Jeremy Payne, M.D., is the medical director of Banner Good Samaritan Stroke Center in Phoenix, Arizona.
The main difference is that a TIA (what some people cause a ministroke) doesn't cause lasting damage. A TIA, which stands for transient ischemc attack, and a stroke are caused by the same problem: blood clots that lodge in the brain. But some people get lucky and recover quickly without any lasting damage. When that happens, we call it a TIA.
When doctors suspect a stroke, they do an MRI to image the brain. This can show right away whether there was damage or injury to any areas of the brain. Doctors often can't tell until they get the results whether it was a stroke or not. They use the terms stroke, ministroke, and TIA interchangeably, and families can get confused.
In terms of treatment, it doesn't really matter whether someone had a stroke or a TIA. The response should be the same, since both are caused by a blood clot that went to the brain.

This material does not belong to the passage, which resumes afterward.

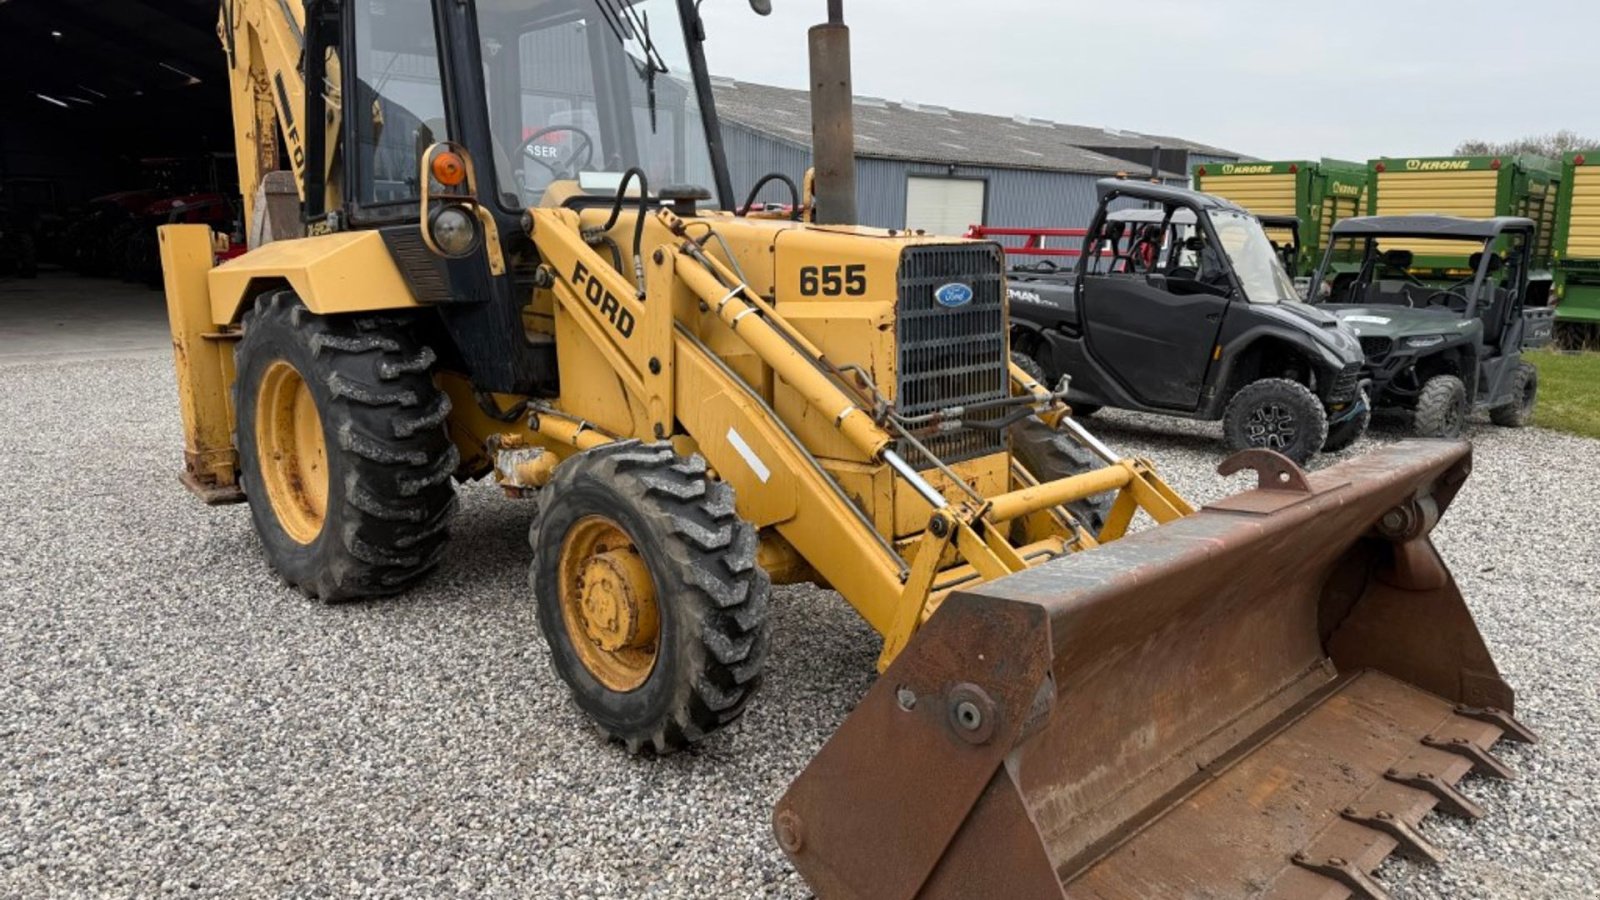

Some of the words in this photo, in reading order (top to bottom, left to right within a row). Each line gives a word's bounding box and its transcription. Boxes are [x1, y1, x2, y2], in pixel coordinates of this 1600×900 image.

[1234, 165, 1273, 174] KRONE
[1420, 161, 1470, 170] KRONE
[800, 264, 866, 296] 655
[572, 260, 635, 339] FORD

So we need to do a series of tests to see if we can find out what caused the clot, and then treat underlying conditions to prevent it from happening again.
The main difference with a TIA is that, because it doesn't cause lasting damage, there's no stroke recovery to focus on. The focus in that case is on looking at the health of the patient's heart and blood vessels and lowering all the risk factors that can contribute to a stroke.